== ABOUT THIS TASK ==
Skip the pictures. Give all the data again exactly.

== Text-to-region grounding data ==
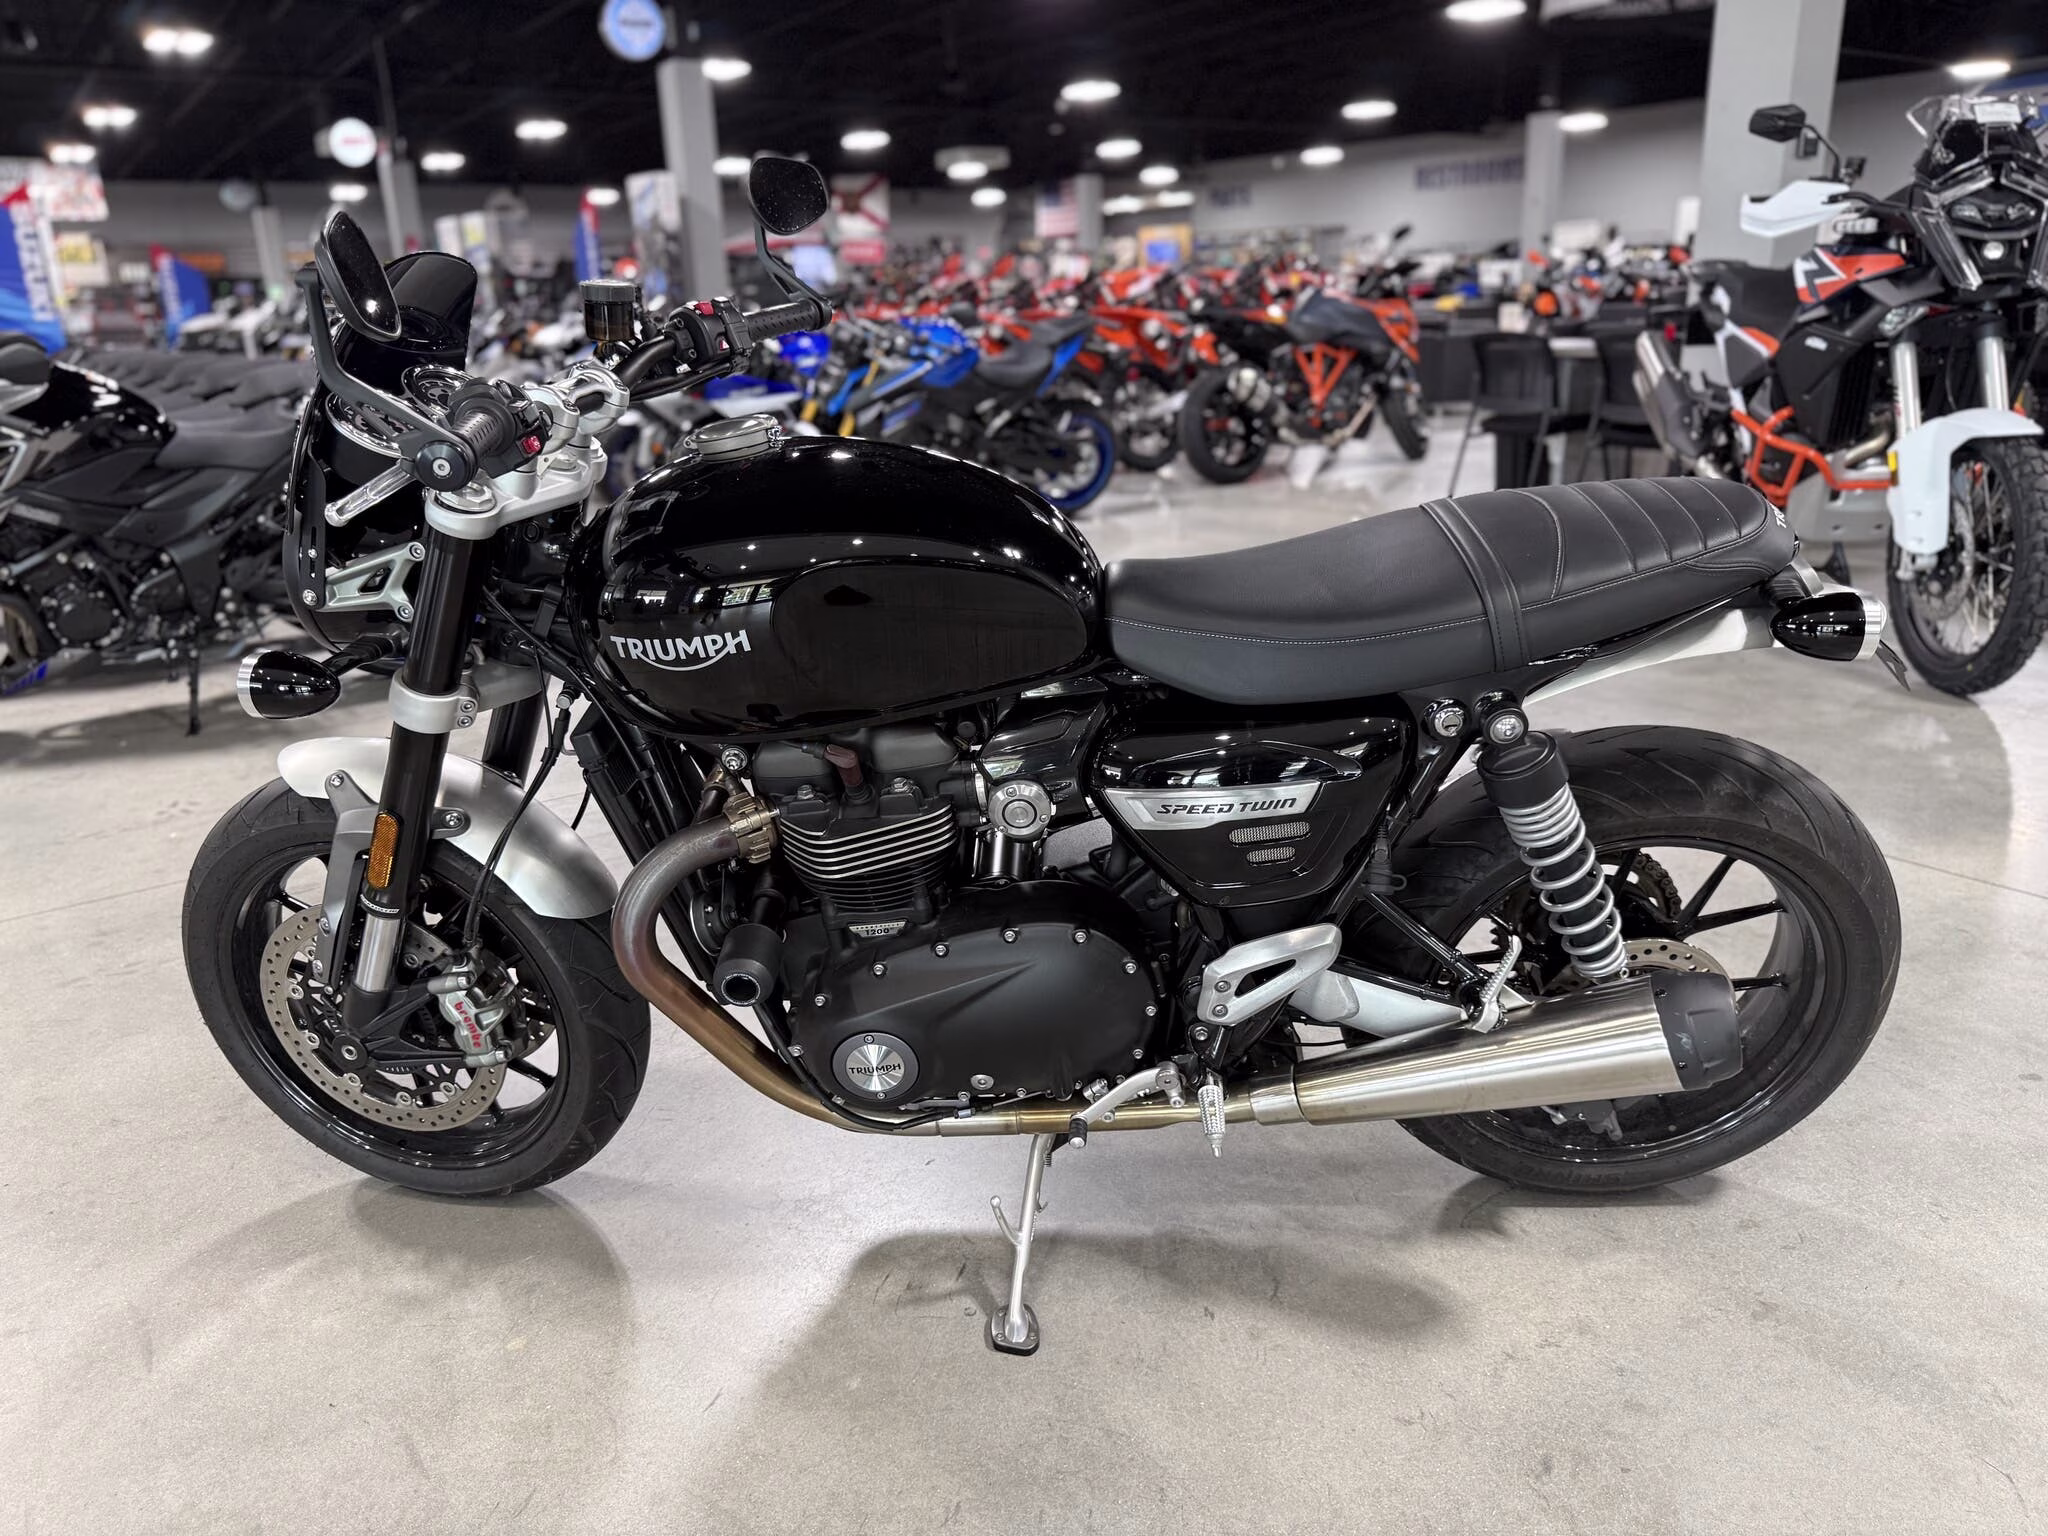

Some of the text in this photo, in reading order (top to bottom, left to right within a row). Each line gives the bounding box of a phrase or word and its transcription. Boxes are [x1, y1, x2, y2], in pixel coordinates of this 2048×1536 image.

[610, 629, 751, 671] TRIUMPH
[1157, 797, 1297, 815] SPEED TWIN
[865, 927, 890, 936] 1200
[454, 1001, 482, 1049] brembo
[848, 1063, 902, 1077] TRIUMPH

== EXERCISE ANSWER ==
Some of the text in this photo, in reading order (top to bottom, left to right within a row). Each line gives the bounding box of a phrase or word and its transcription. Boxes are [x1, y1, x2, y2], in pixel coordinates of this 2048×1536 image.

[610, 629, 751, 671] TRIUMPH
[1157, 797, 1297, 815] SPEED TWIN
[865, 927, 890, 936] 1200
[454, 1001, 482, 1049] brembo
[848, 1063, 902, 1077] TRIUMPH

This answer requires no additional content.